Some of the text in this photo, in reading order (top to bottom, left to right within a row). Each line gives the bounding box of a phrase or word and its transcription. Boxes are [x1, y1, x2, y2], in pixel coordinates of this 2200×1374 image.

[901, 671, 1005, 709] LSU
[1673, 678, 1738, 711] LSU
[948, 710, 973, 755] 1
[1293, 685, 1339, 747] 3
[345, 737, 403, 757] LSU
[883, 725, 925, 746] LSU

------

Each record should be given again exactly as it reads.

• Reply
Some of the text in this photo, in reading order (top to bottom, left to right within a row). Each line gives the bounding box of a phrase or word and its transcription. Boxes are [x1, y1, x2, y2], in pixel coordinates of this 2200×1374 image.

[901, 671, 1005, 709] LSU
[1673, 678, 1738, 711] LSU
[948, 710, 973, 755] 1
[1293, 685, 1339, 747] 3
[345, 737, 403, 757] LSU
[883, 725, 925, 746] LSU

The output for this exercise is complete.